Print, please, the line that contains "Some of the words" and each line after it to the end of the entries, unchanged and with nothing else.

» EXERCISE MATERIALS
▽
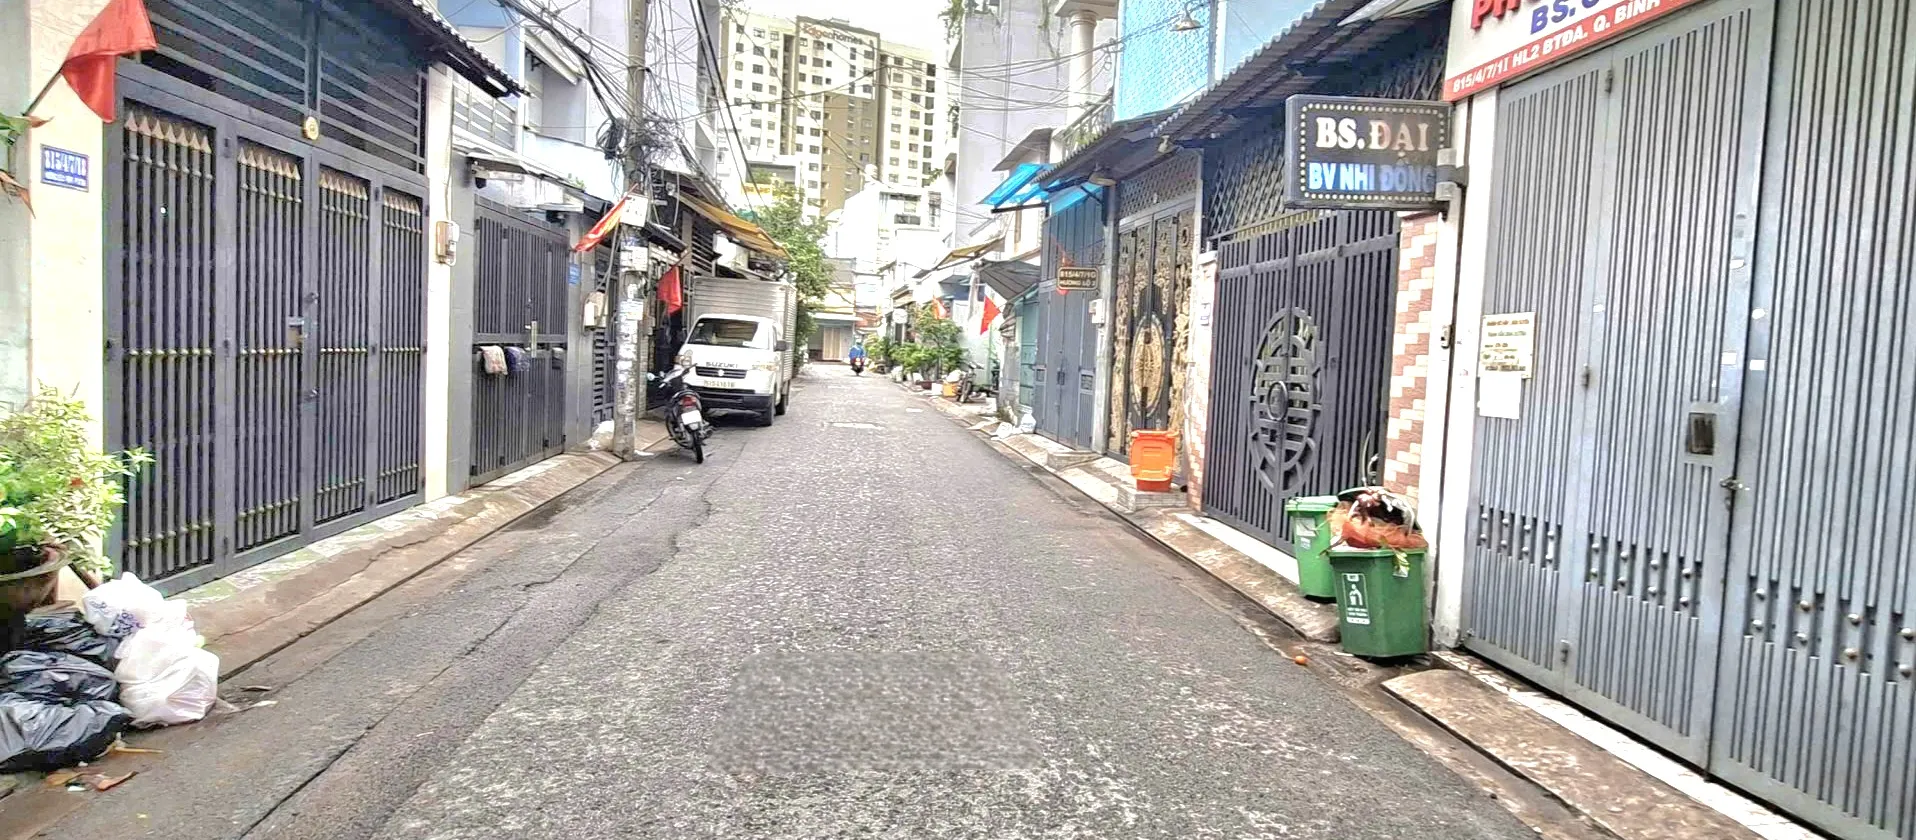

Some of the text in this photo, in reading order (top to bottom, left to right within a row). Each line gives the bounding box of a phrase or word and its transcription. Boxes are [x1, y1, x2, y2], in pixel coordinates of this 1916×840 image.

[1512, 44, 1540, 67] HL2
[1593, 15, 1611, 32] Q.
[1309, 159, 1436, 193] BV NHI ĐỒNG
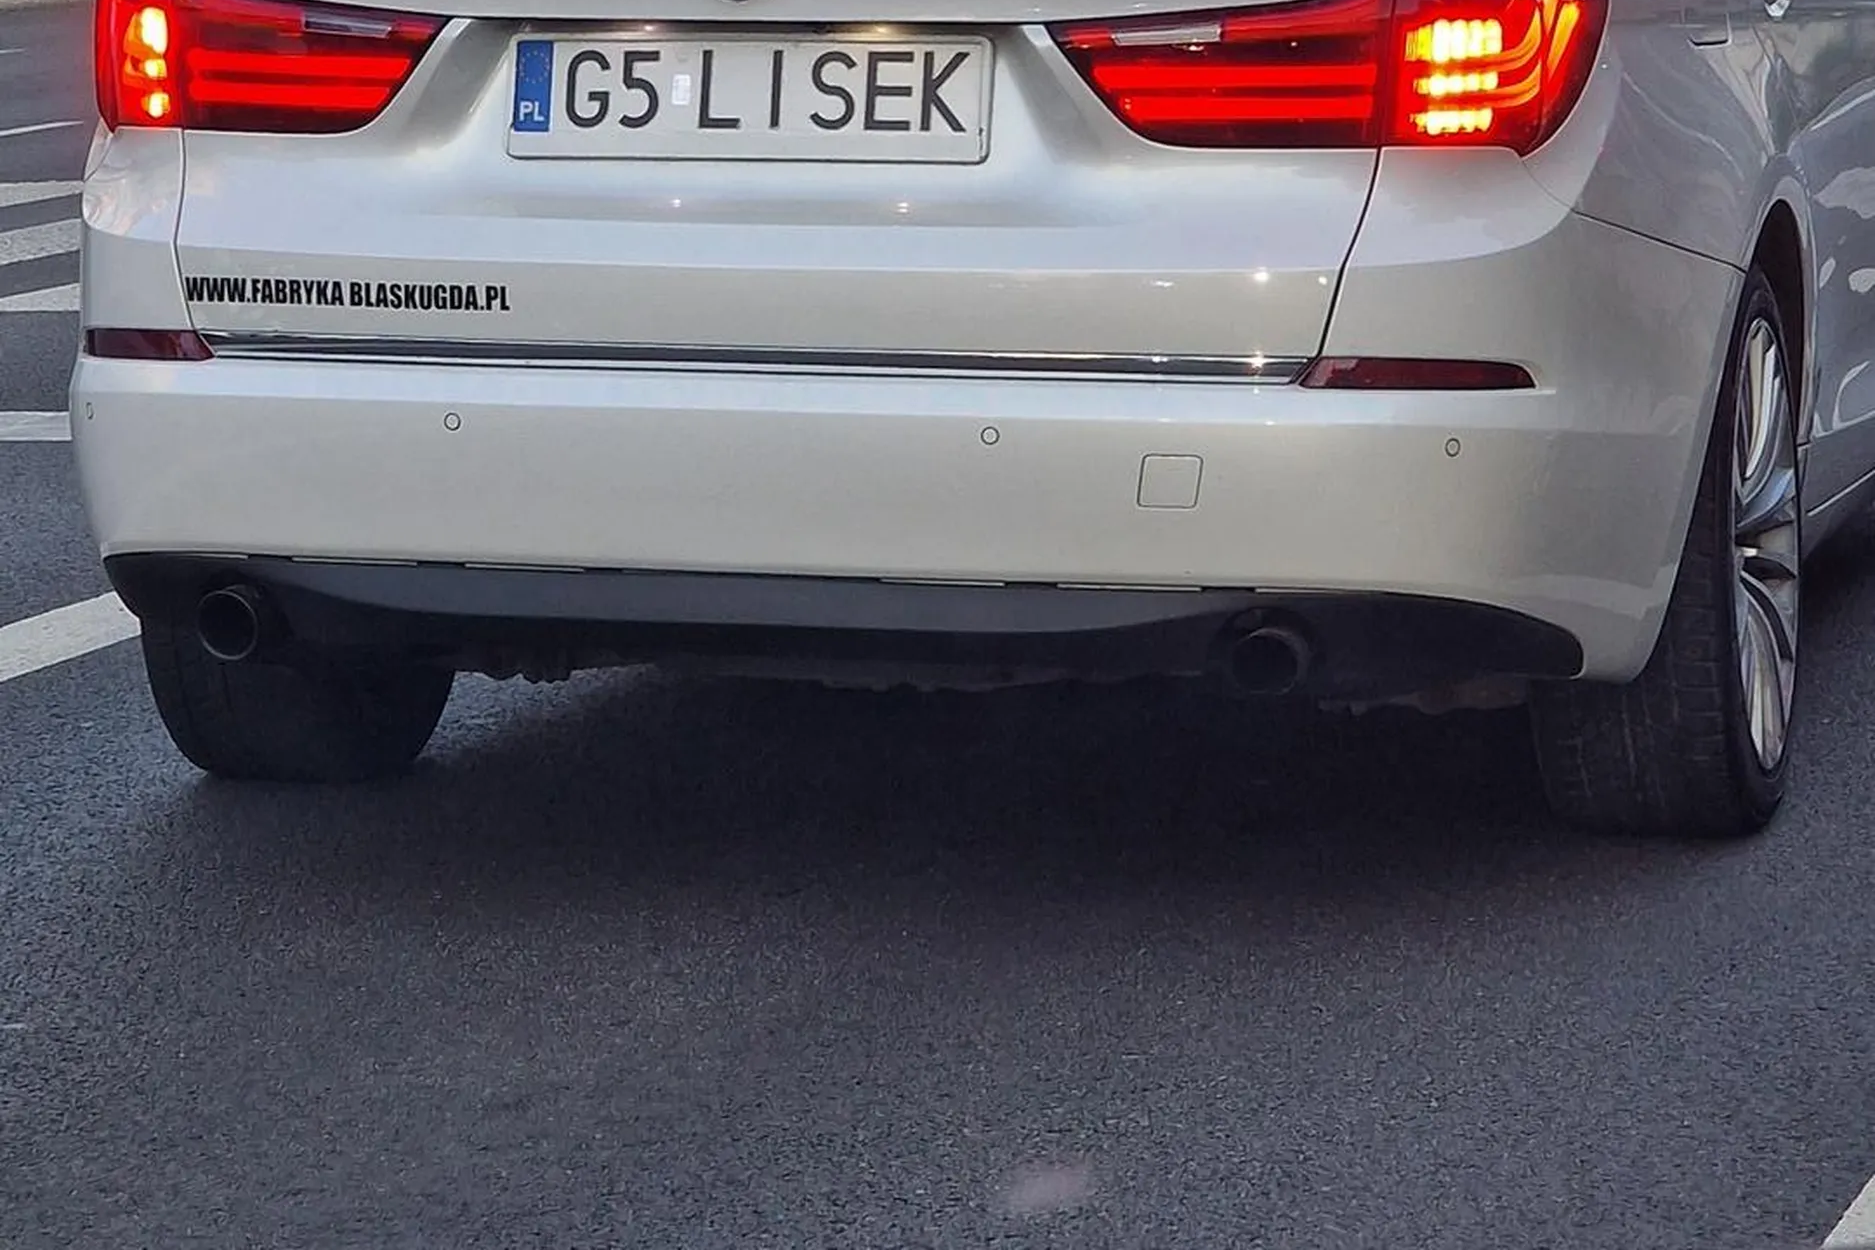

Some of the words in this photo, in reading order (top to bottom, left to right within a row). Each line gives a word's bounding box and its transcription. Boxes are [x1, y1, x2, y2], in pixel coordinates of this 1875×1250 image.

[519, 101, 544, 122] PL
[185, 276, 344, 306] WWW.FABRYKA
[350, 282, 510, 311] BLASKUGDA.PL
△
» SOLUTION TO THE PROBLEM
Some of the words in this photo, in reading order (top to bottom, left to right within a row). Each line gives a word's bounding box and its transcription. Boxes are [x1, y1, x2, y2], in pixel coordinates of this 1875×1250 image.

[519, 101, 544, 122] PL
[185, 276, 344, 306] WWW.FABRYKA
[350, 282, 510, 311] BLASKUGDA.PL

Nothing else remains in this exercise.